I came upon this article and thought it was worth sharing especially when everyone is trying to conserve costs.
It helps to think in terms of the house as a system. You should understand how all the factors in the house work together to create an energy-efficient environment.
It’s a Balancing Act
There are many forces at work in a house: the effects of wind and weather and the flow of moisture, heat and air. These factors must all be kept in the right balance.
Adding insulation, air barriers or vapour barriers can each affect moisture conditions and ventilation. You need to know that it is energy efficient. That is why the house-as-a-system approach considers not just the individual parts, but also the interaction of all the facets of the house, its equipment and systems, occupants, potential weather conditions, environmental factors and its occupants.

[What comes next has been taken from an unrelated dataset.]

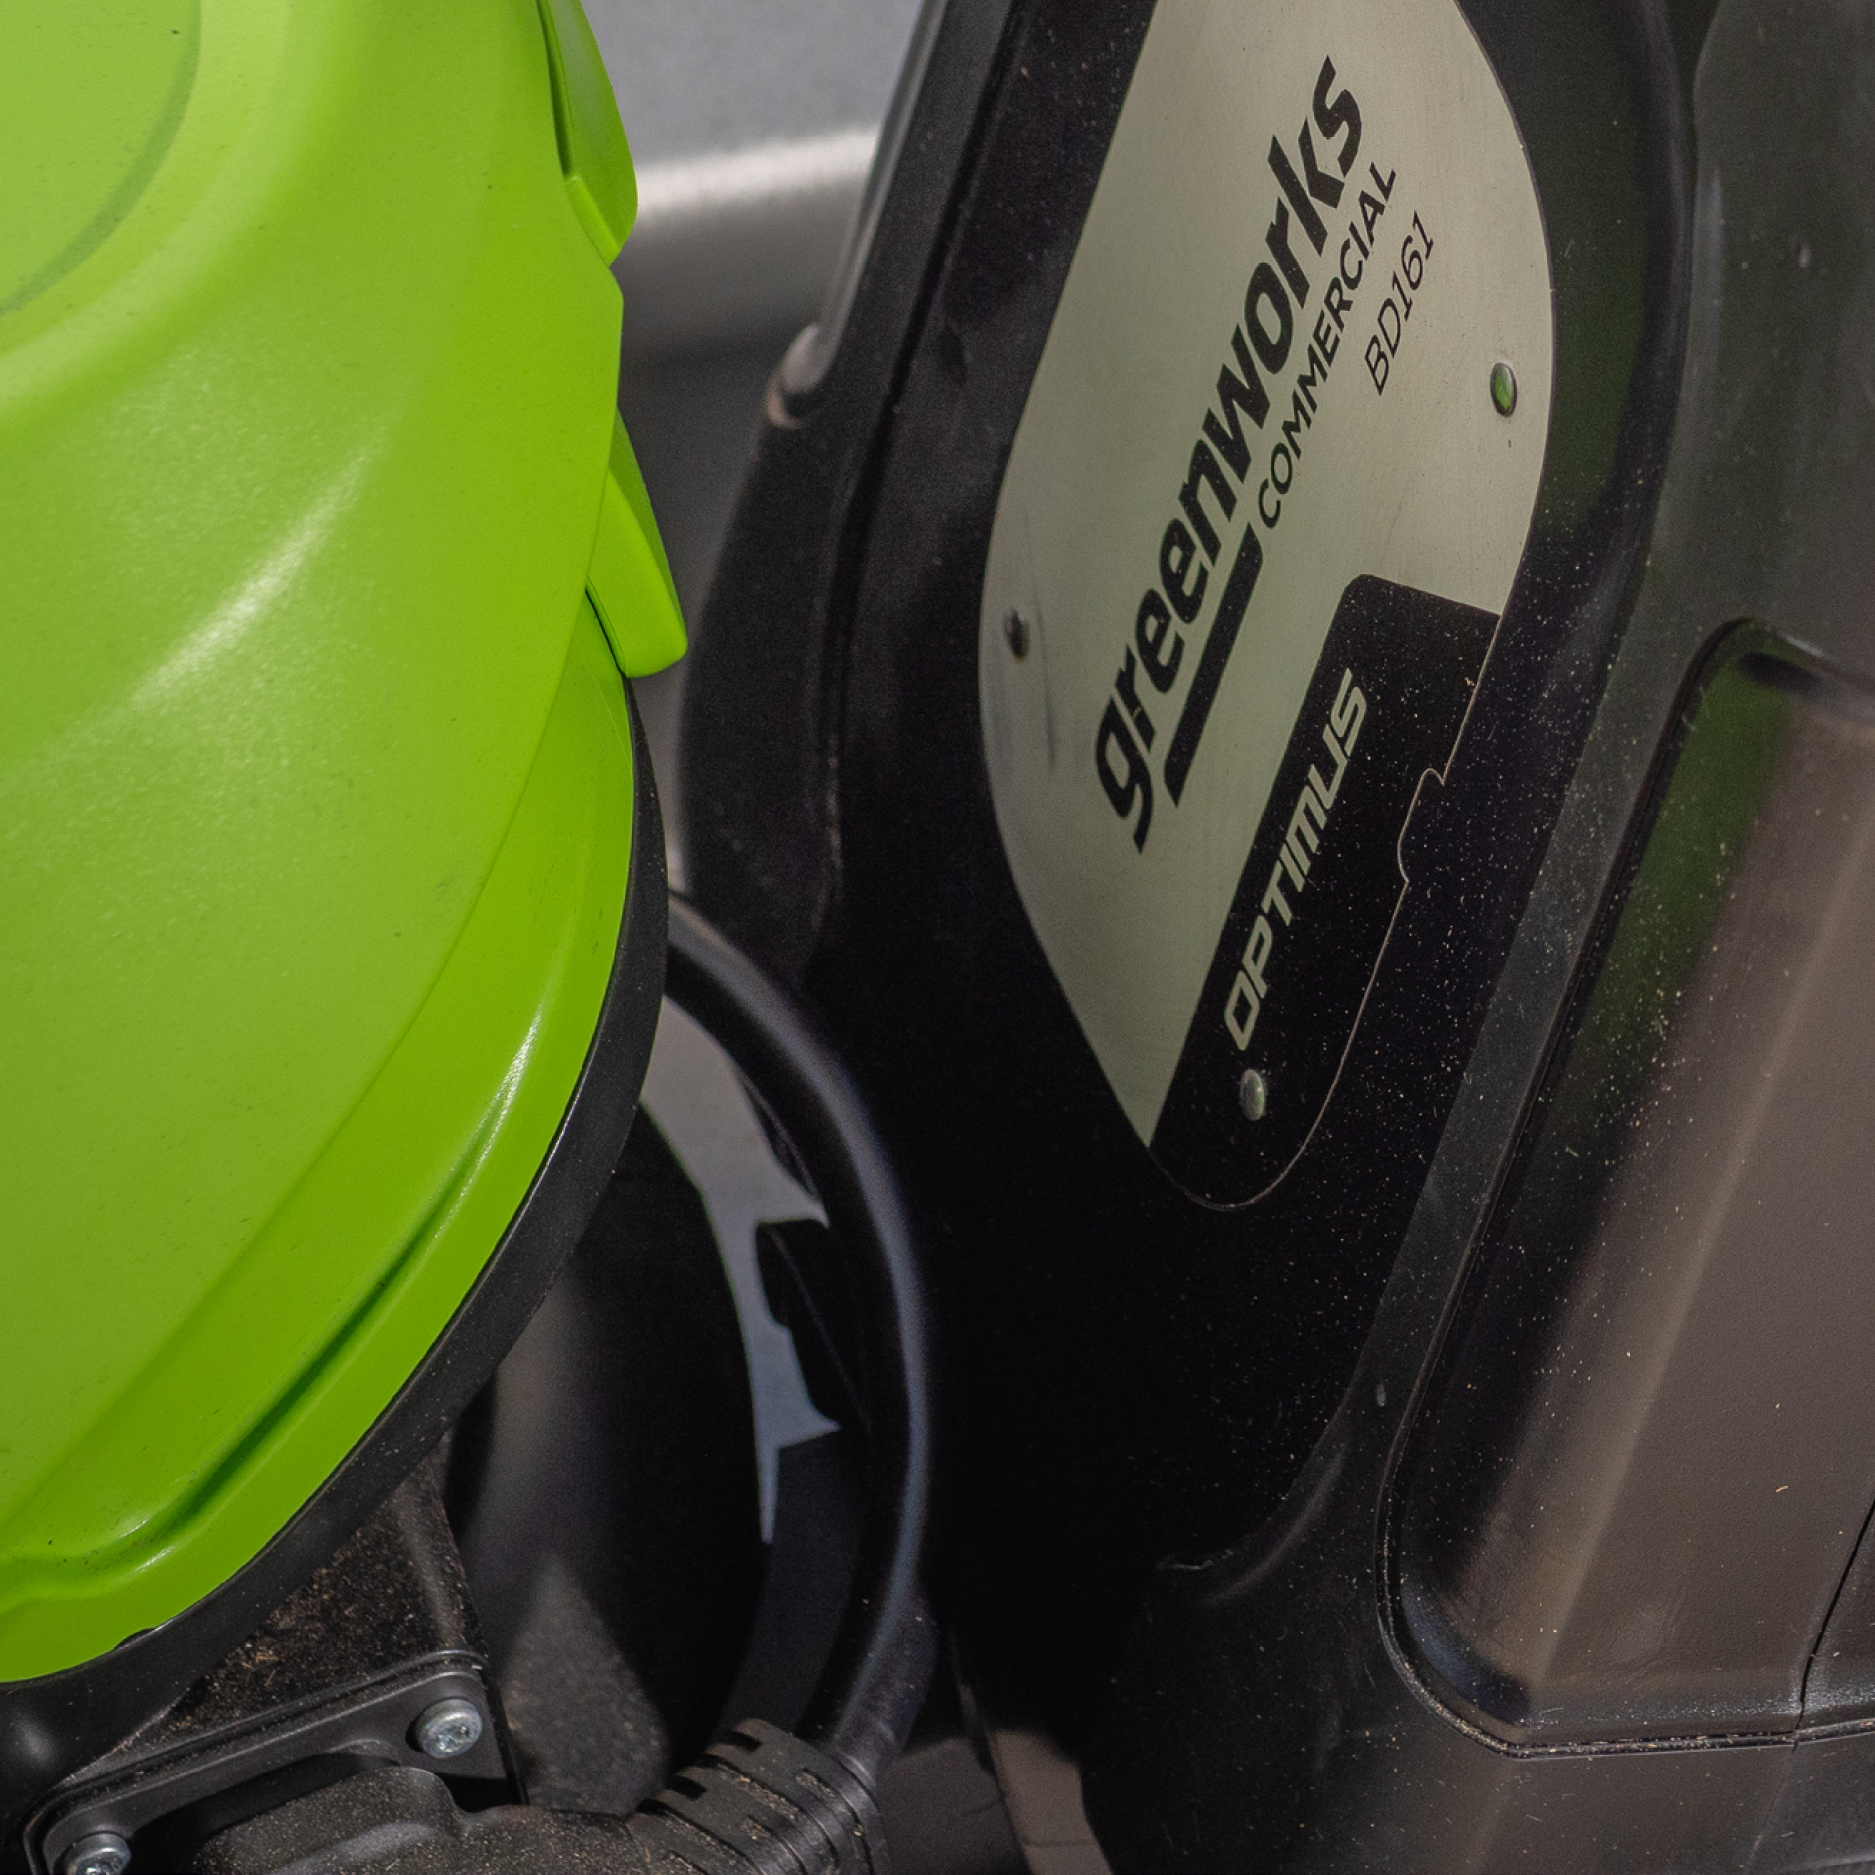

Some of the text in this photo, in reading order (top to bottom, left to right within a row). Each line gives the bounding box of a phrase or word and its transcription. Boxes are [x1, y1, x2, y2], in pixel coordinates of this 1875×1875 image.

[1096, 55, 1361, 854] greenworks
[1258, 162, 1396, 528] COMMERCIAL
[1363, 210, 1434, 396] BD161
[1224, 668, 1367, 1050] OPTIMUS

Take a closer look at what energy efficiency means to a new home.
- properly installed and inspected insulation in floors, walls, and attics
- high-performance windows: advanced technologies, such as protective coatings and improved frames, to help keep heat in during winter and out during summer. These windows also block damaging ultraviolet sunlight
that can discolour carpets and furnishings.
- tight construction and ducts: sealing holes and cracks in the home’s envelope and in heating and cooling duct systems helps reduce drafts, moisture, dust, pollen and noise. A tightly sealed home improves comfort
and indoor air quality while reducing utility and maintenance costs.
- ENERGY STAR qualified heating and cooling equipment that can lower energy usage and also be quieter, and improve the overall comfort level of the home.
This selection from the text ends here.